Analgesic and Sedative-Hypnotic Potentiality of Crude Methanolic Extract of Gomphandra tetrandra (Wall.) Sleumer Leaves


  • N. M. Mahmudul Alam BHUIYA
  • Md. Forman HOSSEN
  • Md. Monirul ISLAM
  • Moynul HASAN

Received Date: 24.04.2021 Accepted Date: 08.11.2021 Turk J Pharm Sci 2022;19(5):583-588


Gomphandra tetrandra (Wall.) Sleumer (leaves) belonging to the family Stemonuraceae was investigated for preliminary phytochemical screening and evaluating their pharmacological activities in various pharmacological models.

Materials and Methods:

The crude methanolic extract was screened with different chemical reagents for the qualitative detection of different phytochemical groups. The peripheral analgesic function was determined using the acetic acid-induced writhing procedure and sedative-hypnotic behaviors were assessed using hole-board, open field, and hole-cross tests using different doses of the extract (200 mg/kg and 400 mg/kg body weight).


Phytochemical screening revealed that methanolic extract of G. tetranda leaves contains steroids, gums, mucilages, phytosterols, carbohydrates, and flavonoids. The crude methanolic extract at 200 mg/kg and 400 mg/kg doses showed statistically significant activity in acetic acid-induced writhing inhibition test with 60% (p<0.01) and 76.47% (p<0.01) inhibition, respectively, compared to control. The extract also had dose-dependent substantial (p<0.01) sedative-hypnotic activities compared with diazepam in the hole-board, open field, and hole-cross tests.


It may be assumed that the methanolic leaf extract of G. tetrandra possesses a strong possibility of having analgesic and sedative-hypnotic activity due to the presence of bioactive compounds in its leaves. Moreover, observed results have opened a new era of in-depth research to discover the possible mechanism of analgesic and sedative-hypnotic activity.

Keywords: Gomphandra tetrandra, methanolic extract, analgesics, sedative-hypnotic activity


The use of plants in all major systems of medicine, regardless of the underlying philosophical premise, illustrates their universal function in treating diseases.1 Plant species are being depleted at a rapid rate; they cannot be botanically registered or chemically & pharmacologically studied. Thus, it is essential to create an increased effort toward conserving gene pools.2

Natural sources are credited for the excellent revolution in modern medicine, and since the beginning, medicinal plants have played a crucial role in the field of drug discovery. Bangladesh is a well-known source of medicinal plants.3 Today, several medicines, such as morphine from Papaver somniferum L. and atropine from Atropa belladonna L., are extracted from medicinal plants.4,5 Secondary metabolites (potential drug sources) are present in significant amounts in medicinal plants. Medicinal plants are in high demand in both developing and developed countries because of these factors.6 In Bangladesh’s rural and tribal communities, medicinal plants play a vital role in the socio-cultural, spiritual, and therapeutic spheres.

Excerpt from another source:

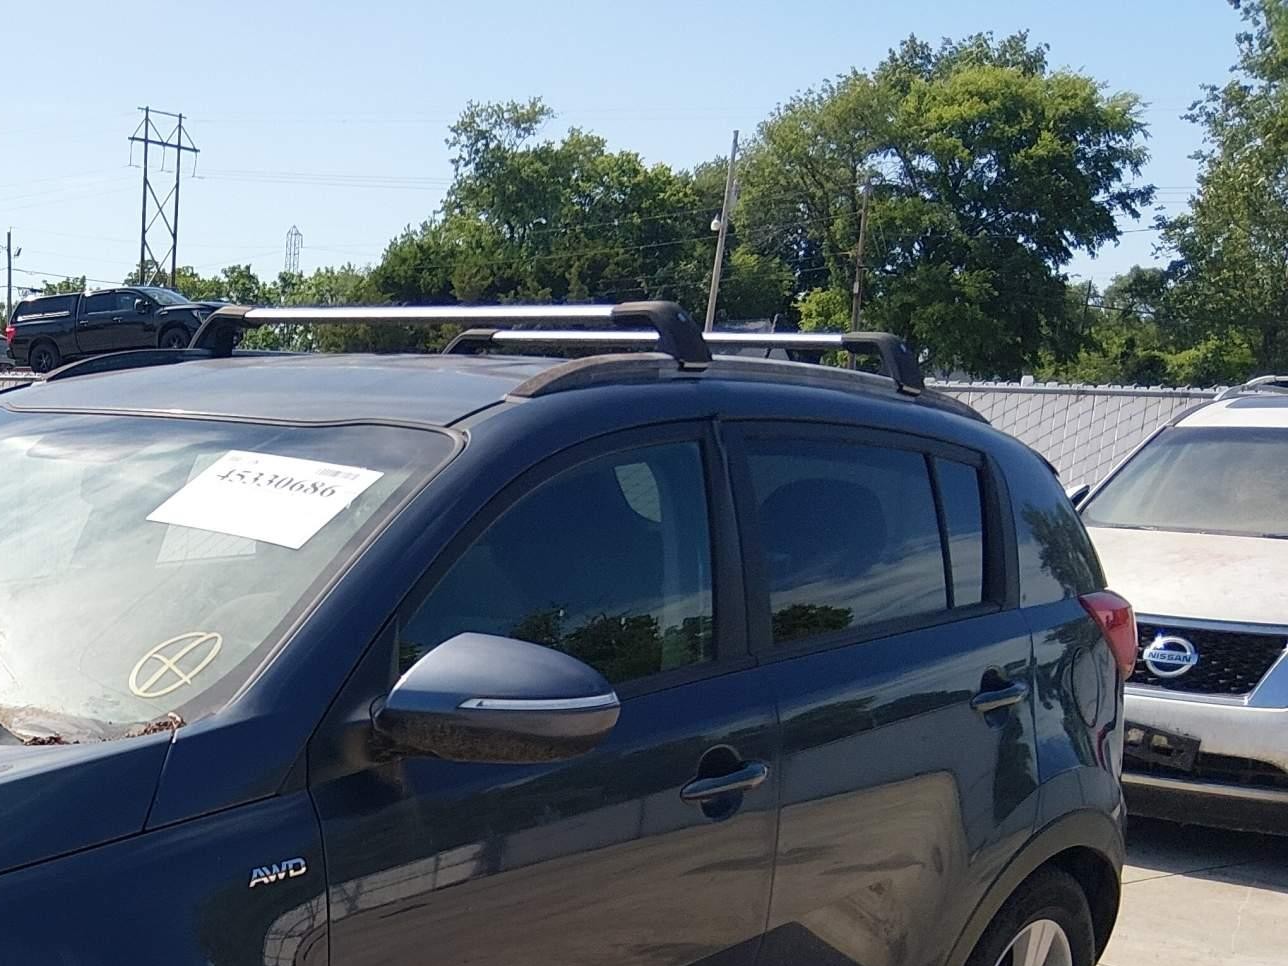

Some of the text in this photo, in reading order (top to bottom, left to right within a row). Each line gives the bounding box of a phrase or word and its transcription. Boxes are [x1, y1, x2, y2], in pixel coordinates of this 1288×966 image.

A survey conducted by the World Health Organization (WHO) in 1993 depicts that traditional practitioners treat about 80% of patients in India, 85% in Burma, and 90% in Bangladesh. The use of plants for medicinal purposes dates back to 4000-5000 B.C., and the Chinese were the first to use natural herbal preparations as medicines. Also, about 25% of all modern pharmacopeial drugs are plant-derived and many other synthetic analogs based on prototype compounds isolated from plants.7

Gomphandra tetrandra (Wall.) Sleumer is a herbaceous plant species found in the forest, which belongs to the family Stemonuraceae (formerly Icacinaceae). This family has had a popular medicinal history for a long time in many countries globally, especially in the evergreen forest, tropical, and subtropical regions.8,9 Various pharmacological investigations have already been conducted on different plants of this family. For example, Mappianthus iodoides Hand.-Mazz. is used to treat hepatitis, jaundice, rheumatalgia, and arthralgia.10 Other studies revealed the hepatoprotective and hypoglycemic activity of Lasianthera africana P.Beauv. (Icacinacaeae/Stemonuraceae) in animal models.11,12 L. africana leaves also showed potent in vitro antioxidant activity in DPPH free radical scavenging test.13 In this study, we tried to explore the analgesic and neuropharmacological potential of the methanolic leaf extracts of G. tetrandra.


Collection of the plant

G. tetrandra was collected from the Moulvibazar District, Bangladesh, for this study. One of the professional taxonomists at the Bangladesh National Herbarium, Mirpur, Dhaka, Bangladesh, identified the plant, and a voucher was deposited there for future reference with the plant identification number 51332. The desired plant parts (leaves) were separated from unwanted materials, plants or plant parts. Then, they were then allowed to dry for a week under light. Using a suitable grinder, the sun-dried leaves were converted into coarse powder. An airtight container was used to store the coarse powder. The container was kept in a cool, dark, and dry place till analysis was initiated.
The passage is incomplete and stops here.